→ **Exercise requirements**:
Print every entry, word for word, and skip the images.

*** Records shown ***

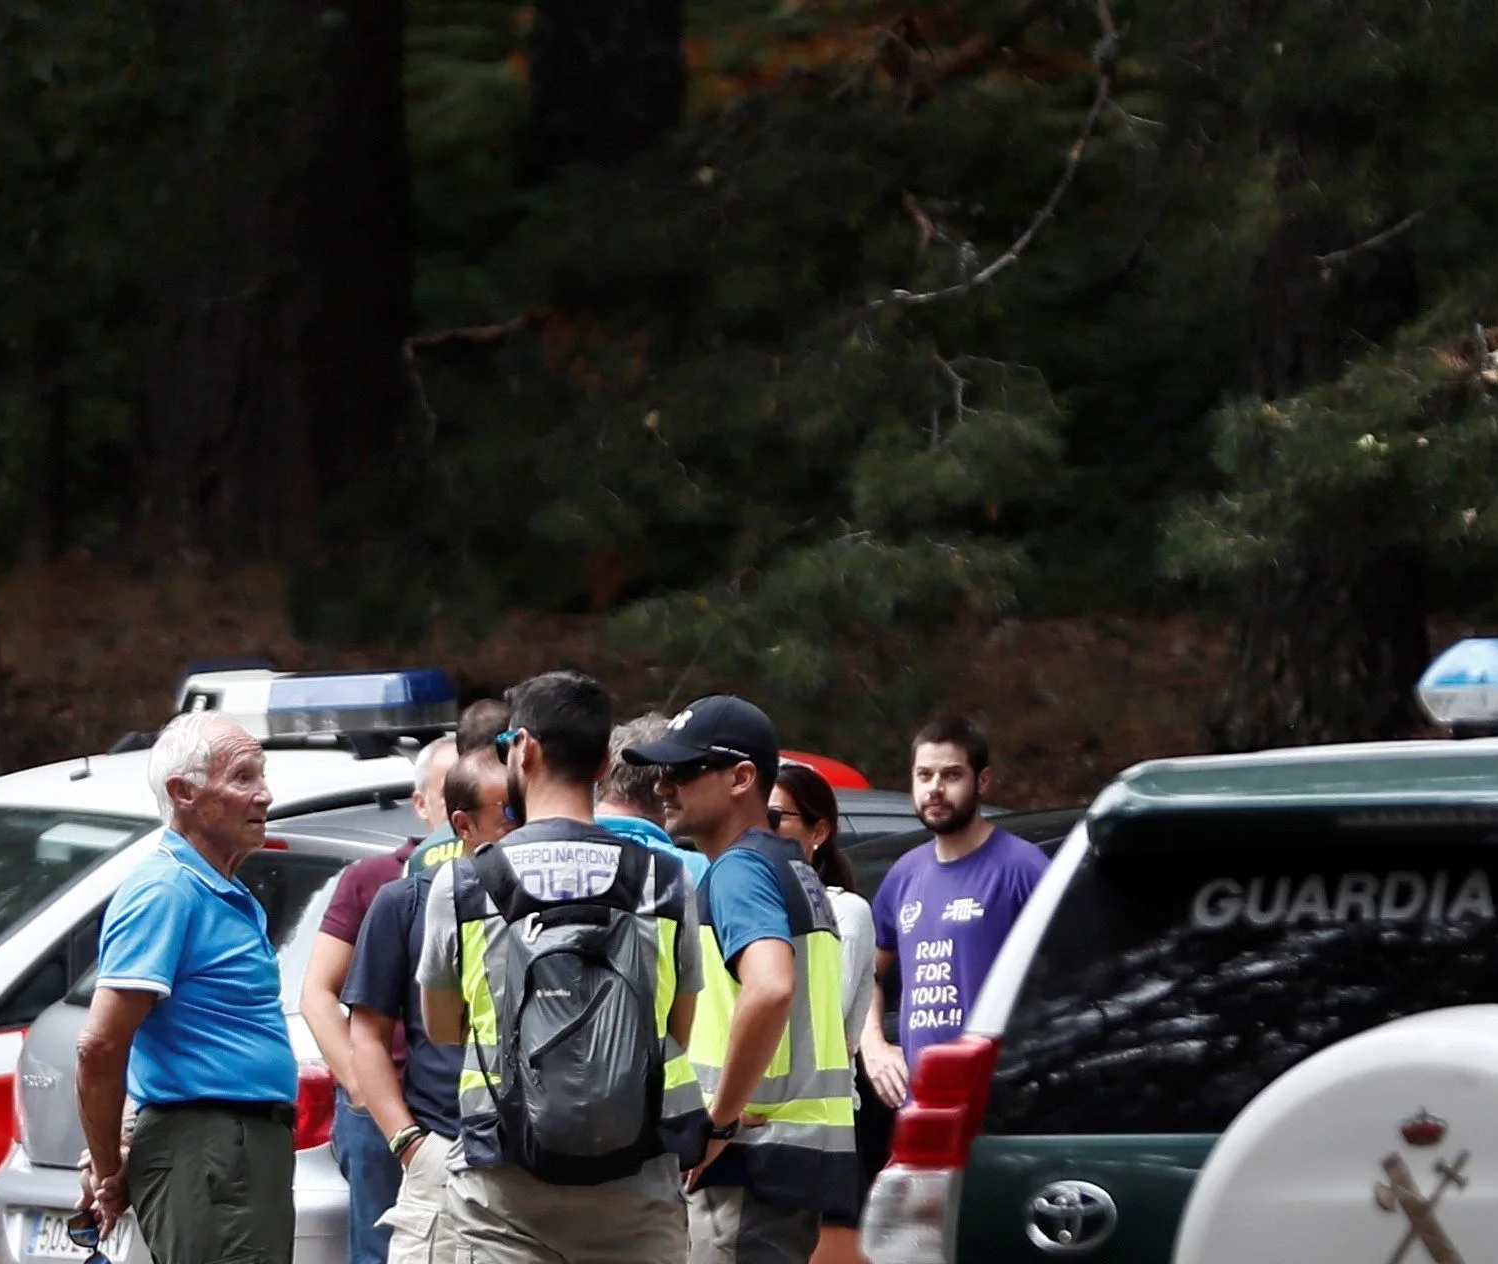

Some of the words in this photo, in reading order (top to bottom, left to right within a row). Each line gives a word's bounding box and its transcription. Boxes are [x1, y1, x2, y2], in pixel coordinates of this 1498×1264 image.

[555, 848, 619, 866] NACIONA
[520, 869, 611, 900] OLIC
[1194, 871, 1495, 928] GUARDIA
[916, 939, 953, 960] RUN
[916, 962, 951, 983] FOR
[912, 984, 958, 1005] YOUR
[909, 1008, 962, 1030] GOAL!!
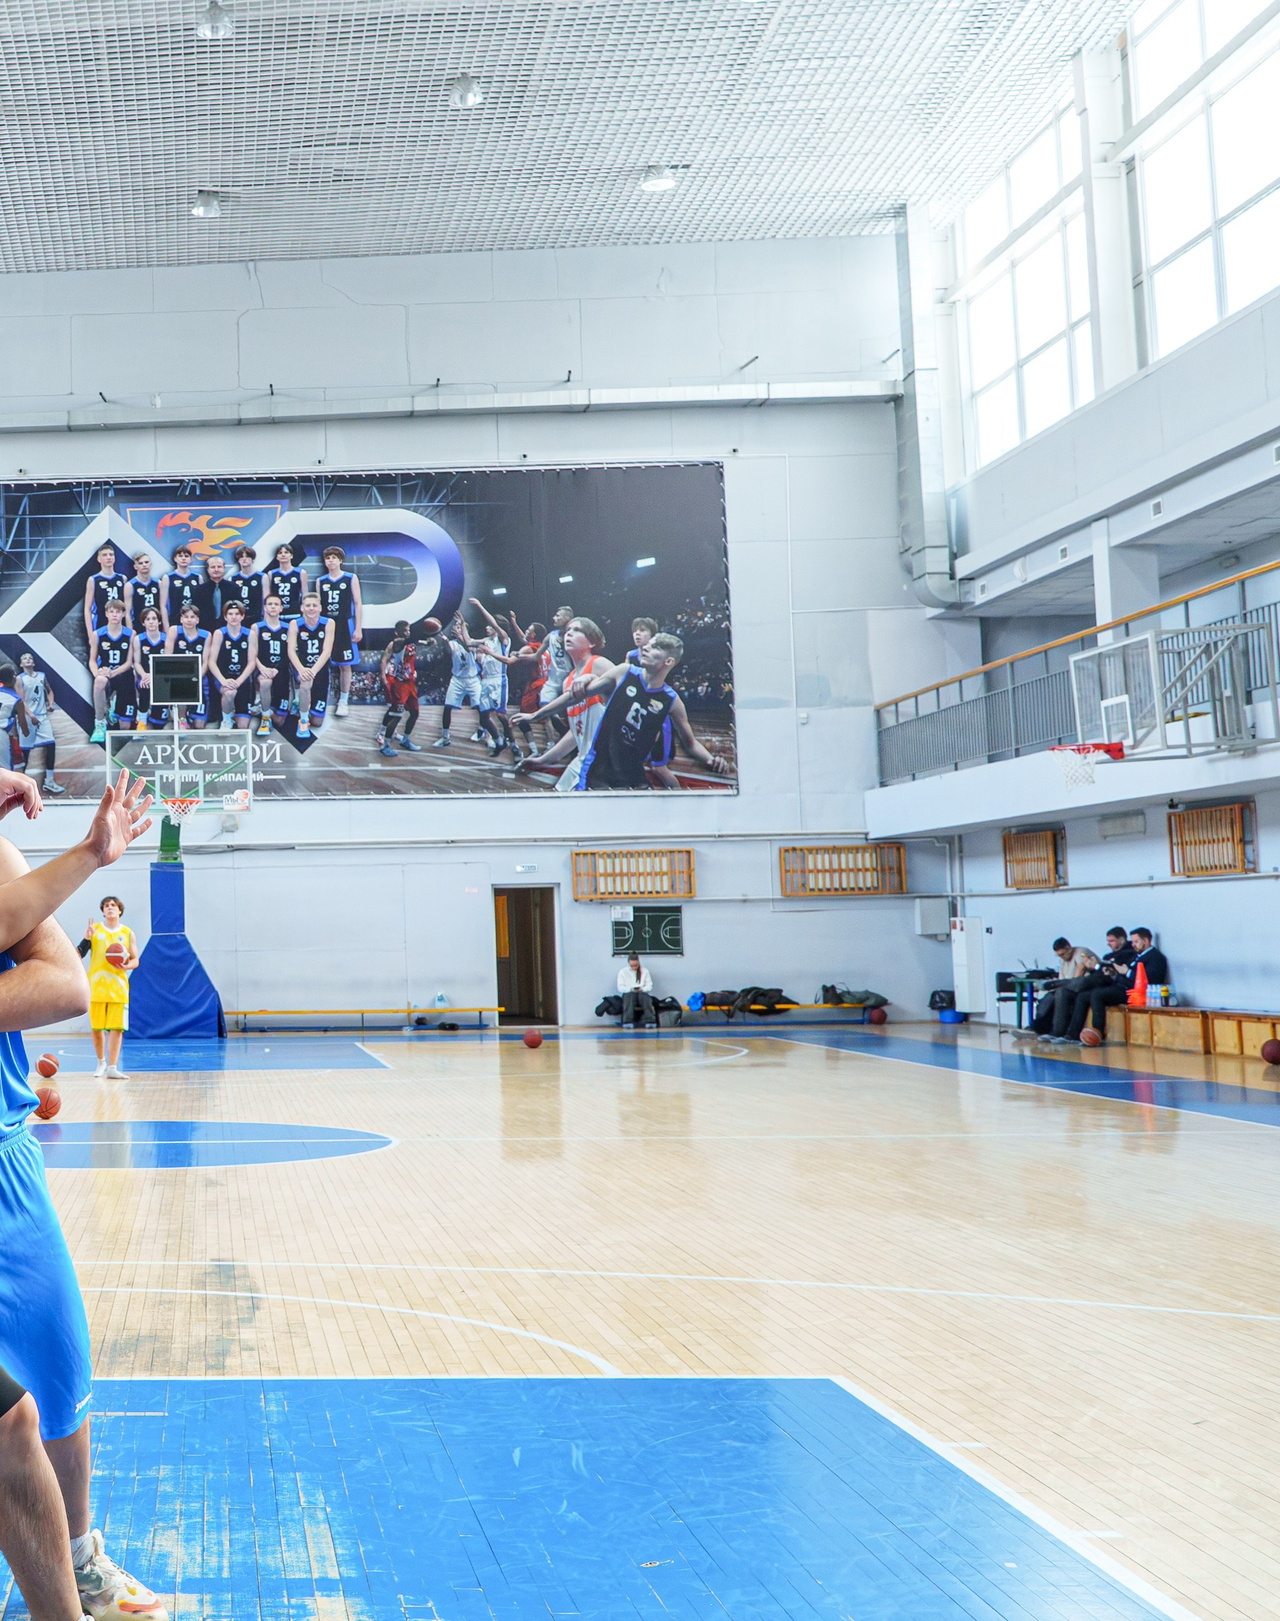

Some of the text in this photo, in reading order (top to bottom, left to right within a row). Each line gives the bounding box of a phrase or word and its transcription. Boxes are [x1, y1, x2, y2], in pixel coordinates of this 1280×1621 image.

*** End of Records shown ***

→ **Finished task**:
Some of the words in this photo, in reading order (top to bottom, left to right within a row). Each line gives a word's bounding box and its transcription. Boxes are [x1, y1, x2, y2], in pixel coordinates of this 1498×1264 image.

[555, 848, 619, 866] NACIONA
[520, 869, 611, 900] OLIC
[1194, 871, 1495, 928] GUARDIA
[916, 939, 953, 960] RUN
[916, 962, 951, 983] FOR
[912, 984, 958, 1005] YOUR
[909, 1008, 962, 1030] GOAL!!

Some of the text in this photo, in reading order (top to bottom, left to right within a row). Each line gives the bounding box of a phrase or word and its transcription. Boxes are [x1, y1, x2, y2], in pixel coordinates of this 1280×1621 image.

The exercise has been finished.